Przed olsztyńską konkatedrą św. Jakuba zabrzmiał dzwon "Głos Nienarodzonych", który symbolizuje niezbywalne prawo do życia każdego człowieka. "Ten dzwon jest głosem tych, którym ten głos się odbiera" - tłumaczył bp Janusz Ostrowski.
Uroczysta msza święta pod przewodnictwem bp. Ostrowskiego była w tym roku jedyną formą 10. Marszu dla Życia i Rodziny w Olsztynie. Z powodu pandemii, przejście ulicami zostało odwołane, ale formą deklaracji uczestnictwa w marszu stało się uderzenie w dzwon „Głos Nienarodzonych” przez wiernych.
Dźwięk dzwonu zwiastuje zazwyczaj wielkie, doniosłe, radosne wydarzenia, choć dzwon brzmi również wtedy, gdy trzeba bić na trwogę, wzywać do obrony, gdy zbliża się niebezpieczeństwo. Ten dzwon jest głosem tych, którym ten głos się odbiera i którzy sami nie mogą stanąć we własnej obronie – tłumaczył bp Ostrowski.
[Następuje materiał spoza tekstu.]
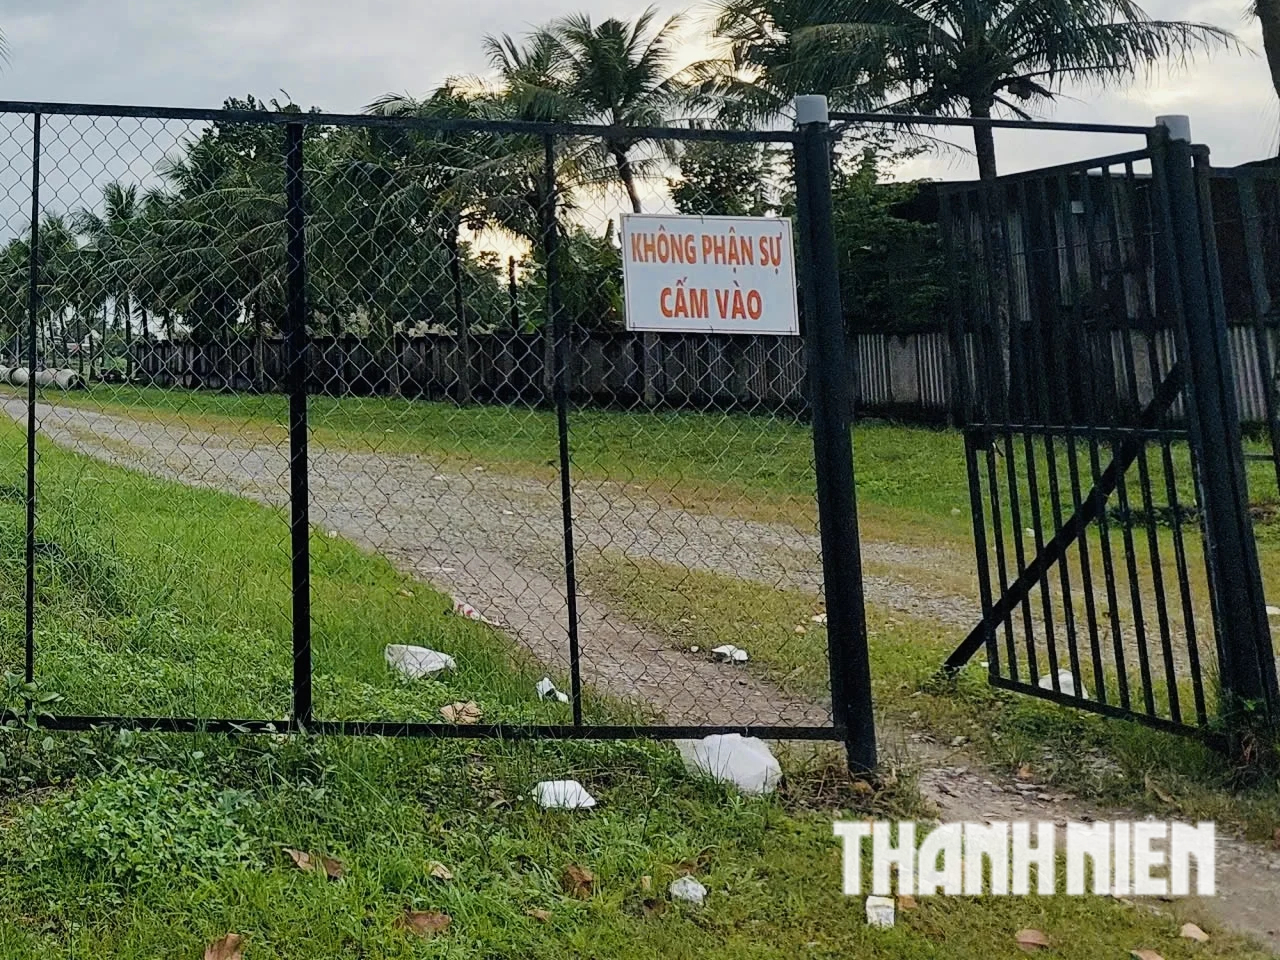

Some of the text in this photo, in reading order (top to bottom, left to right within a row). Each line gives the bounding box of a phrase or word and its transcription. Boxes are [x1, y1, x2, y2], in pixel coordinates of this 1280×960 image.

[631, 224, 783, 275] KHÔNG PHẬN SỰ
[660, 276, 763, 320] CẤM VÀO
Jak podkreślił, dźwięk dzwonu ma budzić sumienia i zachęcić do podjęcia refleksji „nad tym, co możemy i co powinniśmy zrobić dla tych, którzy nie mogą bronić się sami„.
Przypomina o niezbywalnym prawie do życia
Dzwon „Głos Nienarodzonych” zabrzmiał po raz pierwszy w Watykanie, 23 września 2020 roku, na zakończenie audiencji generalnej, a pierwszego uderzenia dokonał papież Franciszek.
Niech jego głos budzi sumienia stanowiących prawo i wszystkich ludzi dobrej woli w Polsce i na świecie. Niech Bóg, jedyny i prawdziwy Dawca życia błogosławi Wam i Waszym rodzinom. Niech będzie pochwalony Jezus Chrystus – mówił Franciszek.
Przeczytaj również
Dzwon przypomina o niezbywalnym prawie do życia każdego człowieka, a jego powstaniem zainicjowała Fundacja Życiu Tak.
Na dzwonie widnieją słowa z Księgi Jeremiasza: „Zanim ukształtowałem cię w łonie matki, znałem cię i poświęciłem”.